Thursday, January 12, 2012

A Letter to Leslie

Dear Leslie,

We are merely friendly acquaintances, most often nothing more than passing and smiling "hellos." We are mothers of boys, something I could never have imagined in terms of wonderment and confusion. My boy and your youngest son played football together this past fall, our sons attend the same small school. I am at times a conflicted mom of a young athlete, not because of the severe, life-changing injury your oldest son Jack sustained over Christmas vacation, the one that severed his spinal cord after he was checked from behind. As a result of that hit, Jack sailed headfirst into the boards while playing a JV hockey game and he didn’t get up. He said to your husband, his dad, from the ice the words no parent ever wants to hear, he said, "I can't feel anything."

I was conflicted before that unspeakable accident; I've called out too-intense, inappropriate coaches and parents over the years because I cannot understand the need to verbally abuse a child in hopes of inspiring him or her into athletic greatness. I understand that this is a philosophical argument, and I am merely reacting to gut feelings that are viewed as unpopular given the context. I know excellence is achieved through training and self-discipline, but it also requires heart, brains, and luck. What happened to Jack could've happened to any of our kids while playing a demanding game that they love. Parents, friends, and relatives of young athletes everywhere collectively gasped in horror when the details of Jack’s injury were reported throughout our community.

There's, to my mind anyway, something wrong with the culture of youth sports and the way our kids are driven and rode like our very own little unfulfilled dream vehicles.
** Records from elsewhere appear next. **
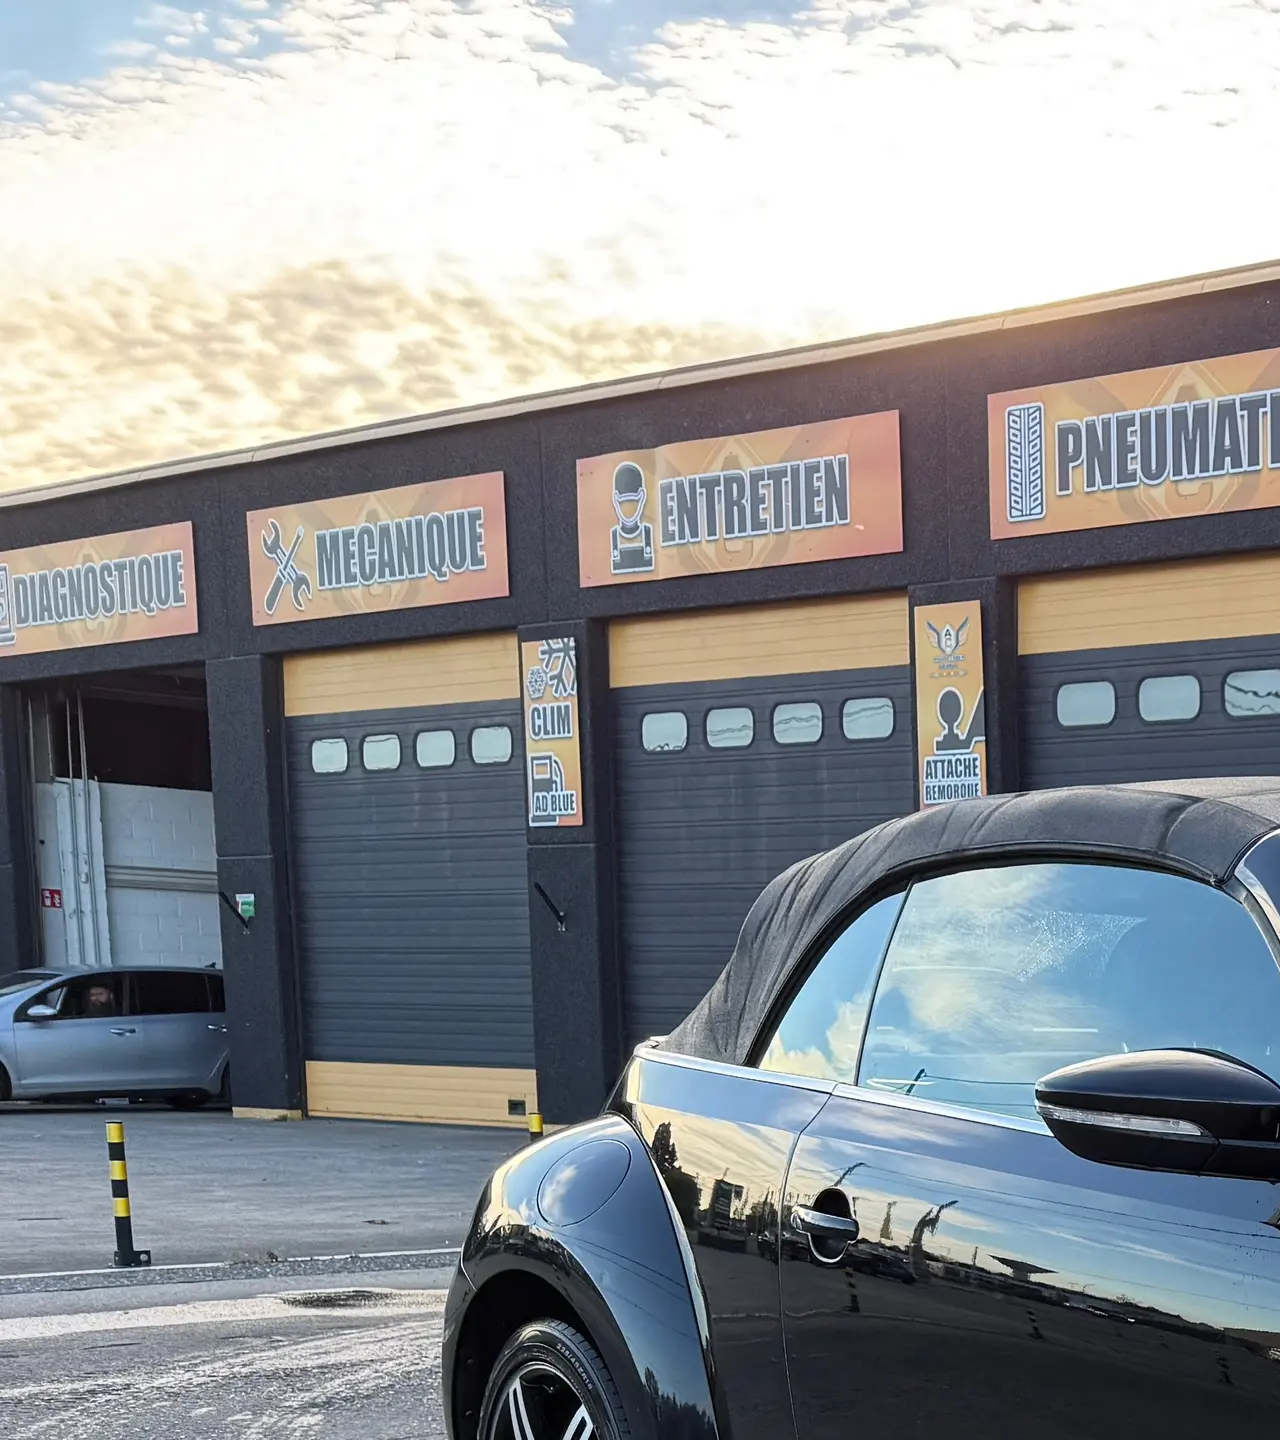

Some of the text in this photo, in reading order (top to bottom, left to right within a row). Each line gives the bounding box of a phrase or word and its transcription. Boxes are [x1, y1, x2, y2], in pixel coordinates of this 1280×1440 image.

[659, 455, 849, 547] ENTRETIEN
[315, 508, 486, 588] MECANIQUE
[12, 551, 186, 627] DIAGNOSTIQUE
[530, 703, 572, 738] CLIM
[925, 757, 980, 780] ATTACHE
[534, 792, 575, 813] AD BLUE
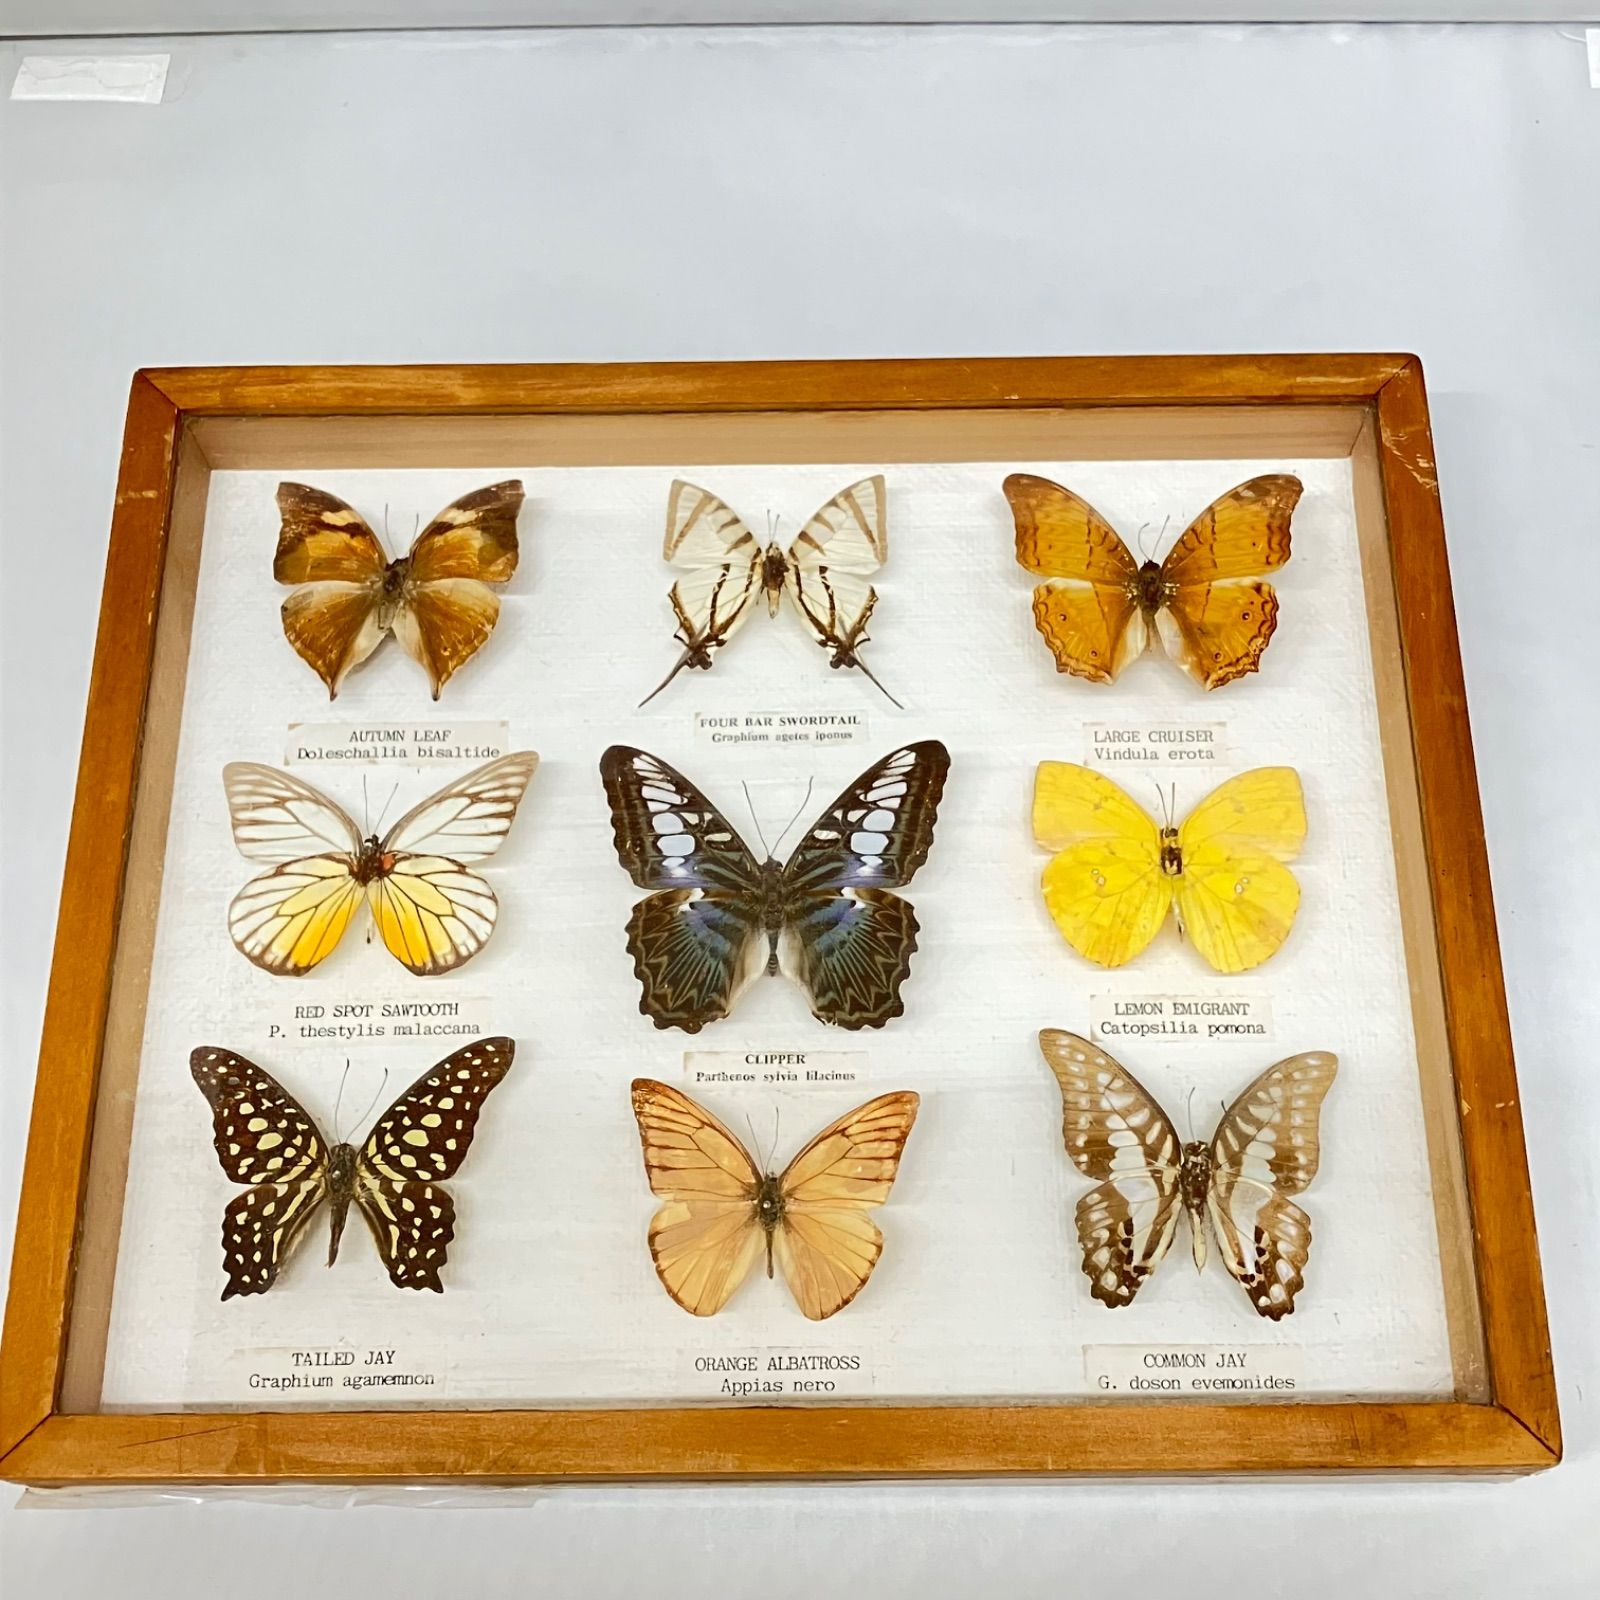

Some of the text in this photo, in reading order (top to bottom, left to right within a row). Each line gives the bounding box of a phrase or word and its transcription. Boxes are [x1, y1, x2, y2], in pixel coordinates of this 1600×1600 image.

[700, 715, 861, 728] FOUR BAR SWORDTAIL
[349, 730, 451, 742] AUTUMN LEAF
[712, 732, 769, 743] Graphium
[815, 730, 852, 741] iponus
[1094, 730, 1214, 743] LARGE CRUISER
[297, 746, 500, 760] Doleschallia bisaltide
[1094, 747, 1215, 760] Vindula erota
[294, 1002, 459, 1019] RED SPOT SAWTOOTH
[1114, 1002, 1250, 1016] LEMON EMIGRANT
[268, 1023, 481, 1039] P. thestylis malaccana
[1100, 1020, 1266, 1037] Catopsilia pomona
[745, 1054, 806, 1065] CLIPPER
[696, 1070, 856, 1083] Parthenos sylvia lilacinus
[291, 1350, 396, 1367] TAILED JAY
[695, 1355, 860, 1371] ORANGE ALBATROSS
[1143, 1352, 1247, 1368] COMMON JAY
[249, 1373, 435, 1391] Graphium agamemnon
[721, 1378, 836, 1396] Appias nero
[1097, 1374, 1295, 1390] G. doson evemonides
They're our cherished children, and my kid loves sports. For that reason, I help my son find situations in which he can pursue his passion just like you. I love watching him play, win or lose, and just like you, I’ve learned to love and appreciate the beauty and intricacies of these games. Sometimes I'm too vocal during a tight game because I've crossed a boundary I've promised myself I'd never cross. Regardless of my own blurted out "Heys" and "Open your eyes ref," I hate hearing a coach or a parent scream "Hit someone!" It sounds too close to "Hurt someone!" I understand that some sports are rough and command intense physical contact; it just seems that somewhere along the line finesse, skill, and sportsmanship have been replaced with something that feels and looks mean, desensitized, and violent. This outspokenness of mine embarrasses my son; he wishes I'd keep my concerns to myself instead of hollering "Cool it!" way too loud. Growing up in a hockey-centric family, I'd long marveled at the tolerance for bullying and brutality that is sometimes collectively accepted in the name of winning a game years before Jack received the hit that has changed his and your life irrevocably. I cannot get him and you and the rest of your family out of my heart or off of my mind. I feel so sad for the kid who hit him. I don't blame the game of hockey, or football, or any game for that matter; it's the misplaced intensity and the beyond-appropriate aggression I find problematic.
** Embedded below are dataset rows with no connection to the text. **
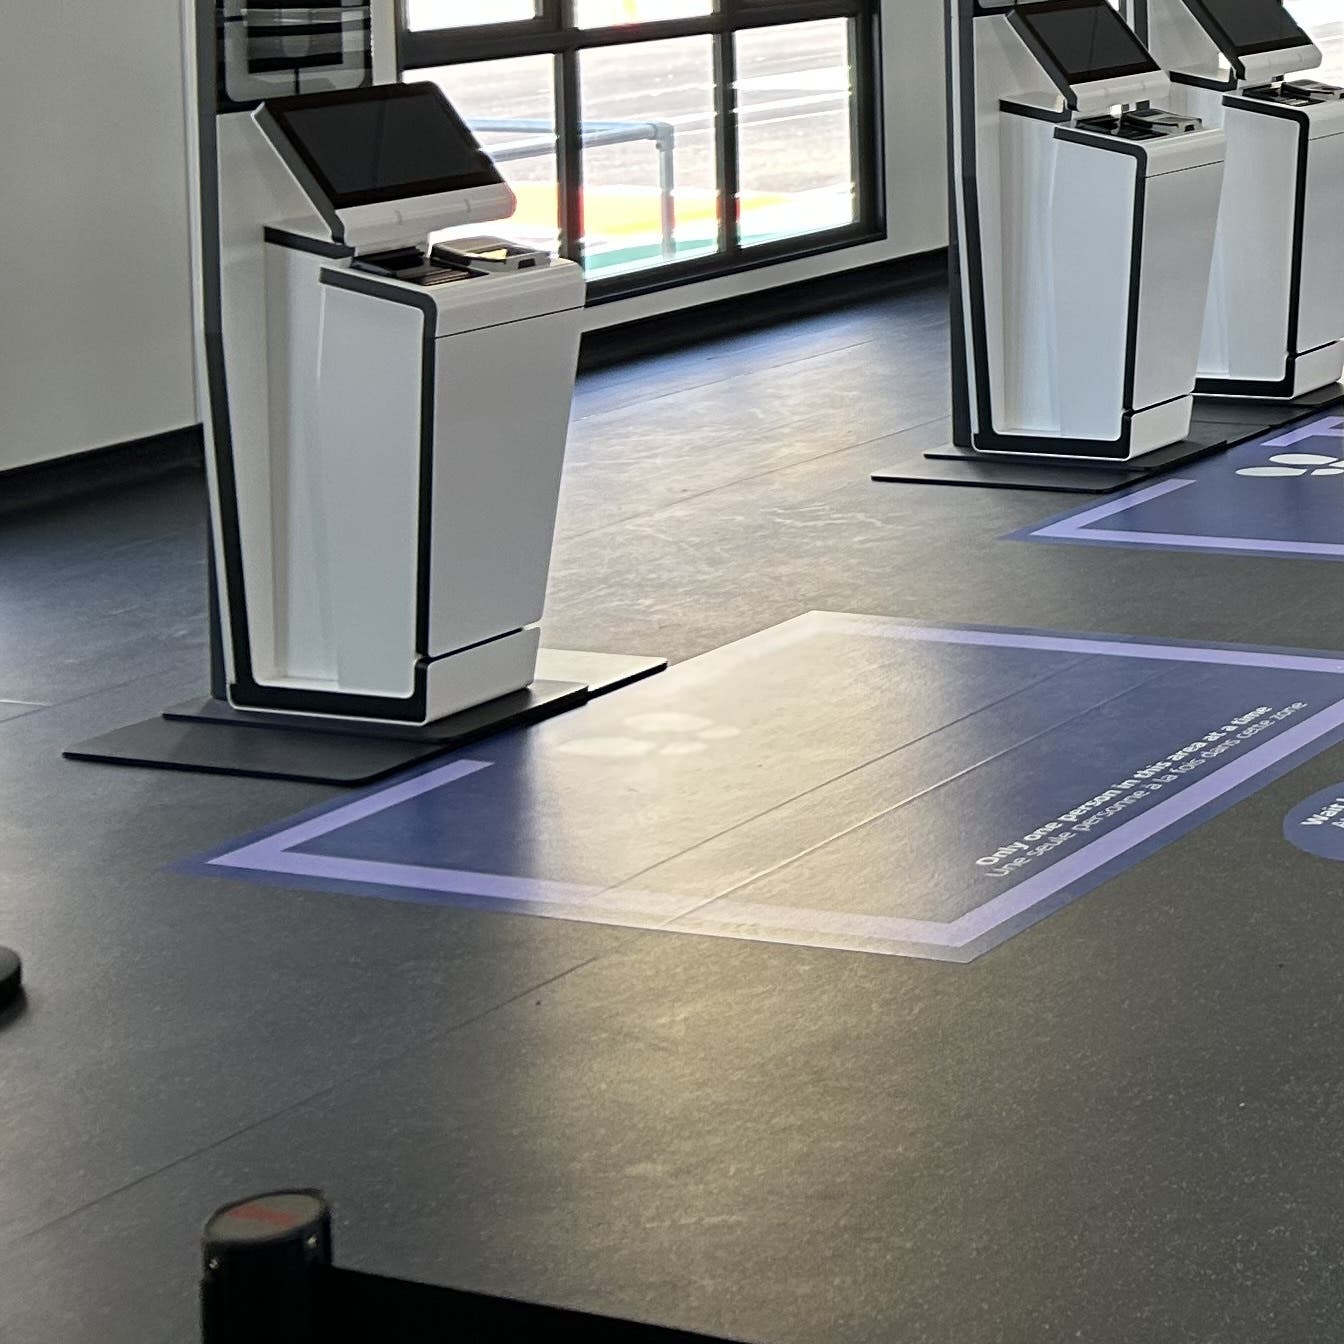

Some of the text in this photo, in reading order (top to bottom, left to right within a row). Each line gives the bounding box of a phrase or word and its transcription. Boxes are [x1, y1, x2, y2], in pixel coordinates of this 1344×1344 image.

[975, 841, 1030, 866] Only
[1023, 822, 1063, 841] one
[1057, 789, 1123, 822] person
[1110, 778, 1141, 789] in
[1133, 761, 1172, 778] this
[1166, 741, 1208, 761] area
[1201, 730, 1228, 742] at
[1230, 705, 1272, 725] time
[984, 856, 1033, 877] Une
[1026, 831, 1077, 856] seule
[1071, 790, 1151, 832] personne
[1151, 773, 1179, 783] la
[1170, 757, 1206, 774] fois
[1200, 738, 1241, 758] dans
[1236, 719, 1276, 739] cette
[1269, 702, 1308, 721] zone
When I try to place myself in your current position, I am overwhelmed with the enormity of what lies ahead for all of you. You can't let down, but know that there are battalions of parents all around you trying to absorb the shock and sadness for you so you can remain strong and focused. Collective helplessness helps no one; lean hard on friends and strangers. Delegate. It is not your job to reassure us and let us know that we are lightening your emotional load. I hope that our collective energy and empathy can somehow keep you buoyed.

I was on a flight to Mexico -- a well-deserved respite that suddenly felt frivolous in light of your situation -- when I read the headline that stated that Jack would never walk or skate again. I burst into tears in the middle of a sardine can jammed full of traveling strangers. Everyone pretended not to notice; something that is both polite and distressing. A few days earlier I was sitting in the orthodontist’s office while my son was being outfitted for his dreaded headgear when I picked up the newspaper and saw a picture of you on the front page that was taken while you were addressing the media on behalf of Jack and your family. Your strength, grace, and poise are inspiring to parents everywhere. To see the stunned determination, the deep sadness intermingled with optimism that was captured in that image of your pretty gamine face was to send me into my first spasm of wracking sobs in front of polite strangers. When I opened that paper to page four and saw the picture of Jack in a hospital bed wearing a neck and head-stabilizing halo, I saw with horror what no parent ever wants to have to see. But that’s your reality now, and we're making it ours too because in our onlookers’ helplessness we want to help alleviate something, anything.

I don't know why I'm writing you a public letter Leslie except that writing is how I try to make sense of the world; it’s how I reach out. I hope through writing, my way of speaking, that I can speak for others beyond myself. Hopefully I can somehow manage to say, though clumsily, that the Jablonski family is not alone. We’re in it with you for the long haul.